Abaküs Yazılım
Hukuk Genel Kurulu
Esas No: 2014/1156
Karar No: 2016/636
Karar Tarihi: 25.05.2016

Yargıtay Hukuk Genel Kurulu 2014/1156 Esas 2016/636 Karar Sayılı İlamı

Hukuk Genel Kurulu         2014/1156 E.  ,  2016/636 K.

    "İçtihat Metni"

    MAHKEMESİ :Aile Mahkemesi


    Taraflar arasındaki “boşanma, maddi ve manevi tazminat ile nafaka” davasından dolayı yapılan yargılama sonunda; Ankara 2.Aile Mahkemesince davanın kısmen kabulüne dair verilen 28.12.2012 gün ve 2011/1354 E. 2012/1766 K. sayılı kararın incelenmesi davalı vekili tarafından istenilmesi üzerine, Yargıtay 2.Hukuk Dairesinin 18.06.2013 gün ve 2013/4963 E. 2013/17017 K. sayılı ilamıyla;
    (1-Dosyadaki yazılara kararın dayandığı delillerle kanuna uygun sebeplere ve özellikle delillerin takdirinde bir yanlışlık görülmemesine göre, davalının aşağıdaki bendin kapsamı dışında kalan temyiz itirazları yersizdir.
    2-Tarafların tespit edilen ekonomik ve sosyal durumlarına, boşanmaya yol açan olaylardaki kusur derecelerine paranın alım gücüne , ihlal edilen mevcut ve beklenen menfaatlerin kapsamına nazaran davacı kadın yararına hükmolunan maddi tazminat çoktur.
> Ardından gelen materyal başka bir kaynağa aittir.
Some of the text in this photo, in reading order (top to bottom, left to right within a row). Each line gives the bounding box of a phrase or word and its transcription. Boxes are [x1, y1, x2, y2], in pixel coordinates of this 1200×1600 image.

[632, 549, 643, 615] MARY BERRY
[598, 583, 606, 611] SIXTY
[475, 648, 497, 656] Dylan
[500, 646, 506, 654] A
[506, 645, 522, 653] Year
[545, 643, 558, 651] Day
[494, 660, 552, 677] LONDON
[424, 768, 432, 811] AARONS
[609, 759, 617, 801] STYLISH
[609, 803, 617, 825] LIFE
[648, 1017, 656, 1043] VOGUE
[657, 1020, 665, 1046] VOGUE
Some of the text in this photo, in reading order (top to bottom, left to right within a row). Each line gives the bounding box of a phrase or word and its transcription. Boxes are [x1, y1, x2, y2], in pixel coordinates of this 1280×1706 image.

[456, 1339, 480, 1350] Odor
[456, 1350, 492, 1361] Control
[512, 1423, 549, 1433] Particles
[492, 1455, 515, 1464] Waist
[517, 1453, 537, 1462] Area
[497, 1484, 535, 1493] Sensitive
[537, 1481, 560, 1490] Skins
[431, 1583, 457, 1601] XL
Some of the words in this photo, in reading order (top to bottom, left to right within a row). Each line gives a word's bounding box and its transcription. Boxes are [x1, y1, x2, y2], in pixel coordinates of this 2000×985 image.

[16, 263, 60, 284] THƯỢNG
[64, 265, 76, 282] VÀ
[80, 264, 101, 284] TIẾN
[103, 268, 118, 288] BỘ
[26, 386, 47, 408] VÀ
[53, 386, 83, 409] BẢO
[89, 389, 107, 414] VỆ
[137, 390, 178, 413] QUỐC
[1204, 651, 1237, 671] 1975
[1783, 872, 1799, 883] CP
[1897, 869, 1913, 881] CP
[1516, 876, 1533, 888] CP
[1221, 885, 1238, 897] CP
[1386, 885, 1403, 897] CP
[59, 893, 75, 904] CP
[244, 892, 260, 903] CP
Türk Medeni Kanununun 4. maddesindeki hakkaniyet ilkesi ile Türk Borçlar Kanununun 50. ve devamı maddeleri hükmü nazara alınarak daha uygun miktarda maddi tazminat (TMK.md.174/1) takdiri gerekirken yazılı şekilde hüküm kurulması bozmayı gerektirmiştir.)
    gerekçesiyle oyçokluğu ile bozularak dosya yerine geri çevrilmekle, yeniden yapılan yargılama sonunda; mahkemece önceki kararda direnilmiştir.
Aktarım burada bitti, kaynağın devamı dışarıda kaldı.